### REQUIREMENT
Please return the entries, omitting and altering nothing.
(DATA RECORDS)
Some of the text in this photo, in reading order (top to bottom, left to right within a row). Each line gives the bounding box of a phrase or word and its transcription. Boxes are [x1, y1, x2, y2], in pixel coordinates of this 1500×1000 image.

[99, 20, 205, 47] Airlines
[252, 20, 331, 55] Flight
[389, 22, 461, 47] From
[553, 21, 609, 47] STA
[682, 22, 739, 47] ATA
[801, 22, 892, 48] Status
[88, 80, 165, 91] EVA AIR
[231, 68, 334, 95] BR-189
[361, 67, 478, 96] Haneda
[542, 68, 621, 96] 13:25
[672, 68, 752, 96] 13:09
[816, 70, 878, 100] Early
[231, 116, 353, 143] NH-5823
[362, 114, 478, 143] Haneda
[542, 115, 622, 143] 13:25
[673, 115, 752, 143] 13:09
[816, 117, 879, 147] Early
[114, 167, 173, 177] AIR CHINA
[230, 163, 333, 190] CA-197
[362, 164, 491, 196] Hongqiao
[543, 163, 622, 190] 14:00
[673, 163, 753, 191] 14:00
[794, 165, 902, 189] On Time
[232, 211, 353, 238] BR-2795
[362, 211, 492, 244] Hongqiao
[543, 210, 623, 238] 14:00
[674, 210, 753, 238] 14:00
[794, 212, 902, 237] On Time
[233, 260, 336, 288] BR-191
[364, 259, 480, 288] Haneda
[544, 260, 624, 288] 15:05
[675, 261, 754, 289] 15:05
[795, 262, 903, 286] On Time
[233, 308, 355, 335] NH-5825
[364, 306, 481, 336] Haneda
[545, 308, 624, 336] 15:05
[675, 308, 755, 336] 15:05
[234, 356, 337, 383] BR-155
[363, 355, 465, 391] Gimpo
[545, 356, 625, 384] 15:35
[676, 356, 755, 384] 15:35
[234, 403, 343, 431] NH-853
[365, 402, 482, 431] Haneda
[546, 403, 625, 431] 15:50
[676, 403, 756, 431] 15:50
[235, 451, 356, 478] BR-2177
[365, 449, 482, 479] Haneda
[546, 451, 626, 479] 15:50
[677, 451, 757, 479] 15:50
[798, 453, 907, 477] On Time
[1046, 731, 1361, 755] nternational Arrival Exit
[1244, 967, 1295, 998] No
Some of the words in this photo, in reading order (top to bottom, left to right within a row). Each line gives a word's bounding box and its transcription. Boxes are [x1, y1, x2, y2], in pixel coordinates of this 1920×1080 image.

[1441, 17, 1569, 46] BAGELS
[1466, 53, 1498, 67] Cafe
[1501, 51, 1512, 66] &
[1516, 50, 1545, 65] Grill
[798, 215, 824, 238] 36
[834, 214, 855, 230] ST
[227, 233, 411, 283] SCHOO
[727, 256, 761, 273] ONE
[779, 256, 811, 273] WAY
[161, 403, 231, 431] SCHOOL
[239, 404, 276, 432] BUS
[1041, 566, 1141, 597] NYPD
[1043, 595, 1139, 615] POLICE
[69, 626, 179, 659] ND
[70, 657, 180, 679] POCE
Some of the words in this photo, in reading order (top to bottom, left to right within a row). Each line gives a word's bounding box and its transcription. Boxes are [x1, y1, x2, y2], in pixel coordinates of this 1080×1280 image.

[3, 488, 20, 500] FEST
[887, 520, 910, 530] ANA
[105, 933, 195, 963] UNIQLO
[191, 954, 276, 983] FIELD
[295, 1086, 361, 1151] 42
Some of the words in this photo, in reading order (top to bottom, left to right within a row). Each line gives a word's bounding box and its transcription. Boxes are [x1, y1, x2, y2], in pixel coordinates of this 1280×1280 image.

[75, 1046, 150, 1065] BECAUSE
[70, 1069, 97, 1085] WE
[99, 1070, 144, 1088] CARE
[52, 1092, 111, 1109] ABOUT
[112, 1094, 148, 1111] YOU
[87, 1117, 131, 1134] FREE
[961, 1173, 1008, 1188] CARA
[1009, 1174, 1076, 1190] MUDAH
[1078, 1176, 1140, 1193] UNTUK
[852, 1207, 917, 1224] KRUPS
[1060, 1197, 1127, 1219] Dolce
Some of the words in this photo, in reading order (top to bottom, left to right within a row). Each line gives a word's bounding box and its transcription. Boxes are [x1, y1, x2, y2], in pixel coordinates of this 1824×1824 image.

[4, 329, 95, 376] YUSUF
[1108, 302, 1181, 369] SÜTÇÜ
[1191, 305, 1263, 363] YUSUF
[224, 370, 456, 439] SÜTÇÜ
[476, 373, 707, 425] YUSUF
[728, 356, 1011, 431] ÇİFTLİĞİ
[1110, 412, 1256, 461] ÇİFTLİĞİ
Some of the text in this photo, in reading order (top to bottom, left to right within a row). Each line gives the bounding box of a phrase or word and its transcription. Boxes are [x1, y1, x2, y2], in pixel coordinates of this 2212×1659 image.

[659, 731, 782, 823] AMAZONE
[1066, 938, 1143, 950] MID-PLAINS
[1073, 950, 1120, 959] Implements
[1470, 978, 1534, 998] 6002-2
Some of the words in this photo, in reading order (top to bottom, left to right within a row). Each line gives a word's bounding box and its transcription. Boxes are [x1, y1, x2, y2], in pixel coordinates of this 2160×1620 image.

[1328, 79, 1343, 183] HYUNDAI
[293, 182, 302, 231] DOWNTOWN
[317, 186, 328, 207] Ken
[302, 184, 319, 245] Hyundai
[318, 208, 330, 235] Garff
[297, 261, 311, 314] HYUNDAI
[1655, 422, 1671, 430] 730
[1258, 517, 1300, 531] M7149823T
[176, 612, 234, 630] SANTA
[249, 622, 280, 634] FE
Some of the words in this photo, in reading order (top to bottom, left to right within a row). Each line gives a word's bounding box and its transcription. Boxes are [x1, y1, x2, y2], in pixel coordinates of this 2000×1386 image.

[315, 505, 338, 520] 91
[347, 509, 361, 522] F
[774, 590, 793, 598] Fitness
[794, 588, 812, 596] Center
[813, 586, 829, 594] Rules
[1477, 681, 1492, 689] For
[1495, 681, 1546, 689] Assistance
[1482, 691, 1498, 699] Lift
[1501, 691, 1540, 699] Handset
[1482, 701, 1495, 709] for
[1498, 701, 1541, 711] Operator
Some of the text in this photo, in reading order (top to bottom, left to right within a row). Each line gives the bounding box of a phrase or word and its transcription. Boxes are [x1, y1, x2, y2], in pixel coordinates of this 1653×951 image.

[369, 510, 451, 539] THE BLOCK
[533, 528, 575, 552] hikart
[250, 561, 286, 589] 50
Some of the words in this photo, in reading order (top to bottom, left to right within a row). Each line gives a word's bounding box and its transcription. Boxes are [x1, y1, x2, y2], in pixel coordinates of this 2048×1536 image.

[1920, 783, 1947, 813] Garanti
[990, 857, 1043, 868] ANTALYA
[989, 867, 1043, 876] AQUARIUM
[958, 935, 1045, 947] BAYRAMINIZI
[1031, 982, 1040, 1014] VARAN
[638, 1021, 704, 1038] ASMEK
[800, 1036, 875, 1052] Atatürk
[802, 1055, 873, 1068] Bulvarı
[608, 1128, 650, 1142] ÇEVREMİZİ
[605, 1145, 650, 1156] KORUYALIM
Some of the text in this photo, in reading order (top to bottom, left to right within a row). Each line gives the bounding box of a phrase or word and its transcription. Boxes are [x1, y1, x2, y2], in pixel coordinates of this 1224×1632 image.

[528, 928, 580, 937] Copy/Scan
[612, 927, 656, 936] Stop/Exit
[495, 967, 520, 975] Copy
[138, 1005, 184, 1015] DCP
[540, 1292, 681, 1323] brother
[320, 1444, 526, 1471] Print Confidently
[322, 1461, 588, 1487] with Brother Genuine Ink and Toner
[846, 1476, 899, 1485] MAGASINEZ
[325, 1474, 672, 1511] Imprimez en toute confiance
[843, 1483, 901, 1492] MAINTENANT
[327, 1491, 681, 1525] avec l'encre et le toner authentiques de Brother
(End DATA RECORDS)
### EXERCISE SOLUTION
Some of the text in this photo, in reading order (top to bottom, left to right within a row). Each line gives the bounding box of a phrase or word and its transcription. Boxes are [x1, y1, x2, y2], in pixel coordinates of this 1500×1000 image.

[99, 20, 205, 47] Airlines
[252, 20, 331, 55] Flight
[389, 22, 461, 47] From
[553, 21, 609, 47] STA
[682, 22, 739, 47] ATA
[801, 22, 892, 48] Status
[88, 80, 165, 91] EVA AIR
[231, 68, 334, 95] BR-189
[361, 67, 478, 96] Haneda
[542, 68, 621, 96] 13:25
[672, 68, 752, 96] 13:09
[816, 70, 878, 100] Early
[231, 116, 353, 143] NH-5823
[362, 114, 478, 143] Haneda
[542, 115, 622, 143] 13:25
[673, 115, 752, 143] 13:09
[816, 117, 879, 147] Early
[114, 167, 173, 177] AIR CHINA
[230, 163, 333, 190] CA-197
[362, 164, 491, 196] Hongqiao
[543, 163, 622, 190] 14:00
[673, 163, 753, 191] 14:00
[794, 165, 902, 189] On Time
[232, 211, 353, 238] BR-2795
[362, 211, 492, 244] Hongqiao
[543, 210, 623, 238] 14:00
[674, 210, 753, 238] 14:00
[794, 212, 902, 237] On Time
[233, 260, 336, 288] BR-191
[364, 259, 480, 288] Haneda
[544, 260, 624, 288] 15:05
[675, 261, 754, 289] 15:05
[795, 262, 903, 286] On Time
[233, 308, 355, 335] NH-5825
[364, 306, 481, 336] Haneda
[545, 308, 624, 336] 15:05
[675, 308, 755, 336] 15:05
[234, 356, 337, 383] BR-155
[363, 355, 465, 391] Gimpo
[545, 356, 625, 384] 15:35
[676, 356, 755, 384] 15:35
[234, 403, 343, 431] NH-853
[365, 402, 482, 431] Haneda
[546, 403, 625, 431] 15:50
[676, 403, 756, 431] 15:50
[235, 451, 356, 478] BR-2177
[365, 449, 482, 479] Haneda
[546, 451, 626, 479] 15:50
[677, 451, 757, 479] 15:50
[798, 453, 907, 477] On Time
[1046, 731, 1361, 755] nternational Arrival Exit
[1244, 967, 1295, 998] No
Some of the words in this photo, in reading order (top to bottom, left to right within a row). Each line gives a word's bounding box and its transcription. Boxes are [x1, y1, x2, y2], in pixel coordinates of this 1920×1080 image.

[1441, 17, 1569, 46] BAGELS
[1466, 53, 1498, 67] Cafe
[1501, 51, 1512, 66] &
[1516, 50, 1545, 65] Grill
[798, 215, 824, 238] 36
[834, 214, 855, 230] ST
[227, 233, 411, 283] SCHOO
[727, 256, 761, 273] ONE
[779, 256, 811, 273] WAY
[161, 403, 231, 431] SCHOOL
[239, 404, 276, 432] BUS
[1041, 566, 1141, 597] NYPD
[1043, 595, 1139, 615] POLICE
[69, 626, 179, 659] ND
[70, 657, 180, 679] POCE
Some of the words in this photo, in reading order (top to bottom, left to right within a row). Each line gives a word's bounding box and its transcription. Boxes are [x1, y1, x2, y2], in pixel coordinates of this 1080×1280 image.

[3, 488, 20, 500] FEST
[887, 520, 910, 530] ANA
[105, 933, 195, 963] UNIQLO
[191, 954, 276, 983] FIELD
[295, 1086, 361, 1151] 42
Some of the words in this photo, in reading order (top to bottom, left to right within a row). Each line gives a word's bounding box and its transcription. Boxes are [x1, y1, x2, y2], in pixel coordinates of this 1280×1280 image.

[75, 1046, 150, 1065] BECAUSE
[70, 1069, 97, 1085] WE
[99, 1070, 144, 1088] CARE
[52, 1092, 111, 1109] ABOUT
[112, 1094, 148, 1111] YOU
[87, 1117, 131, 1134] FREE
[961, 1173, 1008, 1188] CARA
[1009, 1174, 1076, 1190] MUDAH
[1078, 1176, 1140, 1193] UNTUK
[852, 1207, 917, 1224] KRUPS
[1060, 1197, 1127, 1219] Dolce
Some of the words in this photo, in reading order (top to bottom, left to right within a row). Each line gives a word's bounding box and its transcription. Boxes are [x1, y1, x2, y2], in pixel coordinates of this 1824×1824 image.

[4, 329, 95, 376] YUSUF
[1108, 302, 1181, 369] SÜTÇÜ
[1191, 305, 1263, 363] YUSUF
[224, 370, 456, 439] SÜTÇÜ
[476, 373, 707, 425] YUSUF
[728, 356, 1011, 431] ÇİFTLİĞİ
[1110, 412, 1256, 461] ÇİFTLİĞİ
Some of the text in this photo, in reading order (top to bottom, left to right within a row). Each line gives the bounding box of a phrase or word and its transcription. Boxes are [x1, y1, x2, y2], in pixel coordinates of this 2212×1659 image.

[659, 731, 782, 823] AMAZONE
[1066, 938, 1143, 950] MID-PLAINS
[1073, 950, 1120, 959] Implements
[1470, 978, 1534, 998] 6002-2
Some of the words in this photo, in reading order (top to bottom, left to right within a row). Each line gives a word's bounding box and its transcription. Boxes are [x1, y1, x2, y2], in pixel coordinates of this 2160×1620 image.

[1328, 79, 1343, 183] HYUNDAI
[293, 182, 302, 231] DOWNTOWN
[317, 186, 328, 207] Ken
[302, 184, 319, 245] Hyundai
[318, 208, 330, 235] Garff
[297, 261, 311, 314] HYUNDAI
[1655, 422, 1671, 430] 730
[1258, 517, 1300, 531] M7149823T
[176, 612, 234, 630] SANTA
[249, 622, 280, 634] FE
Some of the words in this photo, in reading order (top to bottom, left to right within a row). Each line gives a word's bounding box and its transcription. Boxes are [x1, y1, x2, y2], in pixel coordinates of this 2000×1386 image.

[315, 505, 338, 520] 91
[347, 509, 361, 522] F
[774, 590, 793, 598] Fitness
[794, 588, 812, 596] Center
[813, 586, 829, 594] Rules
[1477, 681, 1492, 689] For
[1495, 681, 1546, 689] Assistance
[1482, 691, 1498, 699] Lift
[1501, 691, 1540, 699] Handset
[1482, 701, 1495, 709] for
[1498, 701, 1541, 711] Operator
Some of the text in this photo, in reading order (top to bottom, left to right within a row). Each line gives the bounding box of a phrase or word and its transcription. Boxes are [x1, y1, x2, y2], in pixel coordinates of this 1653×951 image.

[369, 510, 451, 539] THE BLOCK
[533, 528, 575, 552] hikart
[250, 561, 286, 589] 50
Some of the words in this photo, in reading order (top to bottom, left to right within a row). Each line gives a word's bounding box and its transcription. Boxes are [x1, y1, x2, y2], in pixel coordinates of this 2048×1536 image.

[1920, 783, 1947, 813] Garanti
[990, 857, 1043, 868] ANTALYA
[989, 867, 1043, 876] AQUARIUM
[958, 935, 1045, 947] BAYRAMINIZI
[1031, 982, 1040, 1014] VARAN
[638, 1021, 704, 1038] ASMEK
[800, 1036, 875, 1052] Atatürk
[802, 1055, 873, 1068] Bulvarı
[608, 1128, 650, 1142] ÇEVREMİZİ
[605, 1145, 650, 1156] KORUYALIM
Some of the text in this photo, in reading order (top to bottom, left to right within a row). Each line gives the bounding box of a phrase or word and its transcription. Boxes are [x1, y1, x2, y2], in pixel coordinates of this 1224×1632 image.

[528, 928, 580, 937] Copy/Scan
[612, 927, 656, 936] Stop/Exit
[495, 967, 520, 975] Copy
[138, 1005, 184, 1015] DCP
[540, 1292, 681, 1323] brother
[320, 1444, 526, 1471] Print Confidently
[322, 1461, 588, 1487] with Brother Genuine Ink and Toner
[846, 1476, 899, 1485] MAGASINEZ
[325, 1474, 672, 1511] Imprimez en toute confiance
[843, 1483, 901, 1492] MAINTENANT
[327, 1491, 681, 1525] avec l'encre et le toner authentiques de Brother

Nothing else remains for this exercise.